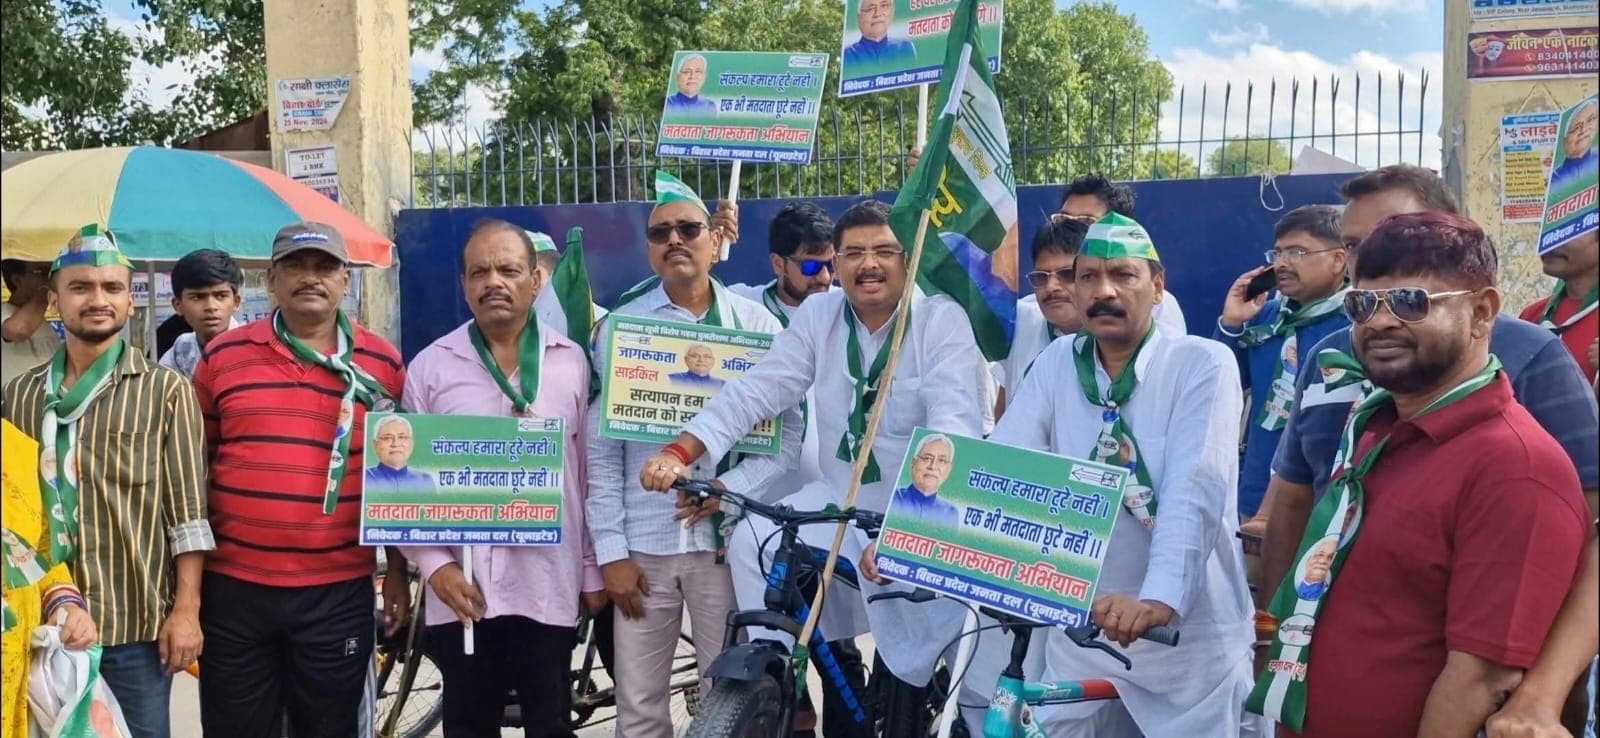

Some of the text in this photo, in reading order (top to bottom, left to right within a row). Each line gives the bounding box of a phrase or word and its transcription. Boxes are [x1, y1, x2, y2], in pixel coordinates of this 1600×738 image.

[909, 16, 939, 35] मतदाता
[1506, 34, 1598, 50] जीवन एक नाटक
[720, 72, 749, 86] संकल्प
[750, 74, 777, 87] हमारा
[778, 72, 791, 92] टूटे
[720, 98, 734, 112] एक
[734, 95, 746, 112] भी
[746, 99, 775, 113] मतदाता
[776, 97, 789, 119] छूटे
[789, 97, 809, 113] नहीं
[663, 124, 810, 143] मतदाता जागरूकता अभियान
[1547, 187, 1596, 223] मतदाता
[617, 346, 677, 364] जागरूकता
[614, 365, 659, 383] साइकिल
[630, 388, 705, 408] सत्यापन हम
[612, 403, 658, 420] मतदान
[660, 406, 678, 422] को
[432, 437, 470, 454] संकल्प
[473, 440, 506, 455] हमारा
[509, 437, 524, 461] टूटे
[526, 437, 551, 455] नहीं
[439, 470, 456, 486] एक
[457, 466, 471, 486] भी
[472, 471, 509, 487] मतदाता
[511, 467, 526, 494] छूटे
[528, 467, 550, 487] नहीं
[969, 467, 1011, 494] संकल्प
[1011, 480, 1051, 503] हमारा
[1050, 486, 1071, 514] टूटे
[1071, 493, 1105, 516] नहीं
[367, 500, 558, 521] मतदाता जागरूकता अभियान
[366, 528, 403, 541] निवेदक
[409, 528, 437, 541] बिहार
[438, 529, 461, 541] प्रदेश
[463, 530, 491, 541] जनता
[492, 530, 509, 541] दल
[511, 529, 558, 544] (यूनाइटेड)
[964, 506, 985, 526] एक
[984, 508, 1001, 532] भी
[1000, 516, 1044, 544] मतदाता
[1041, 523, 1064, 555] छूटे
[1063, 530, 1092, 555] नहीं
[883, 528, 1091, 601] मतदाता जागरूकता अभियान
[877, 556, 910, 576] निवेदक
[915, 566, 945, 586] बिहार
[943, 575, 970, 593] प्रदेश
[969, 583, 1003, 601] जनता
[1002, 593, 1024, 609] दल
[1023, 598, 1083, 628] (यूनाइटेड)
----
§ **What is expected**
Omit the pictures, then quote the rest of the material above exactly.

§ **Written reply**
Some of the text in this photo, in reading order (top to bottom, left to right within a row). Each line gives the bounding box of a phrase or word and its transcription. Boxes are [x1, y1, x2, y2], in pixel coordinates of this 1600×738 image.

[909, 16, 939, 35] मतदाता
[1506, 34, 1598, 50] जीवन एक नाटक
[720, 72, 749, 86] संकल्प
[750, 74, 777, 87] हमारा
[778, 72, 791, 92] टूटे
[720, 98, 734, 112] एक
[734, 95, 746, 112] भी
[746, 99, 775, 113] मतदाता
[776, 97, 789, 119] छूटे
[789, 97, 809, 113] नहीं
[663, 124, 810, 143] मतदाता जागरूकता अभियान
[1547, 187, 1596, 223] मतदाता
[617, 346, 677, 364] जागरूकता
[614, 365, 659, 383] साइकिल
[630, 388, 705, 408] सत्यापन हम
[612, 403, 658, 420] मतदान
[660, 406, 678, 422] को
[432, 437, 470, 454] संकल्प
[473, 440, 506, 455] हमारा
[509, 437, 524, 461] टूटे
[526, 437, 551, 455] नहीं
[439, 470, 456, 486] एक
[457, 466, 471, 486] भी
[472, 471, 509, 487] मतदाता
[511, 467, 526, 494] छूटे
[528, 467, 550, 487] नहीं
[969, 467, 1011, 494] संकल्प
[1011, 480, 1051, 503] हमारा
[1050, 486, 1071, 514] टूटे
[1071, 493, 1105, 516] नहीं
[367, 500, 558, 521] मतदाता जागरूकता अभियान
[366, 528, 403, 541] निवेदक
[409, 528, 437, 541] बिहार
[438, 529, 461, 541] प्रदेश
[463, 530, 491, 541] जनता
[492, 530, 509, 541] दल
[511, 529, 558, 544] (यूनाइटेड)
[964, 506, 985, 526] एक
[984, 508, 1001, 532] भी
[1000, 516, 1044, 544] मतदाता
[1041, 523, 1064, 555] छूटे
[1063, 530, 1092, 555] नहीं
[883, 528, 1091, 601] मतदाता जागरूकता अभियान
[877, 556, 910, 576] निवेदक
[915, 566, 945, 586] बिहार
[943, 575, 970, 593] प्रदेश
[969, 583, 1003, 601] जनता
[1002, 593, 1024, 609] दल
[1023, 598, 1083, 628] (यूनाइटेड)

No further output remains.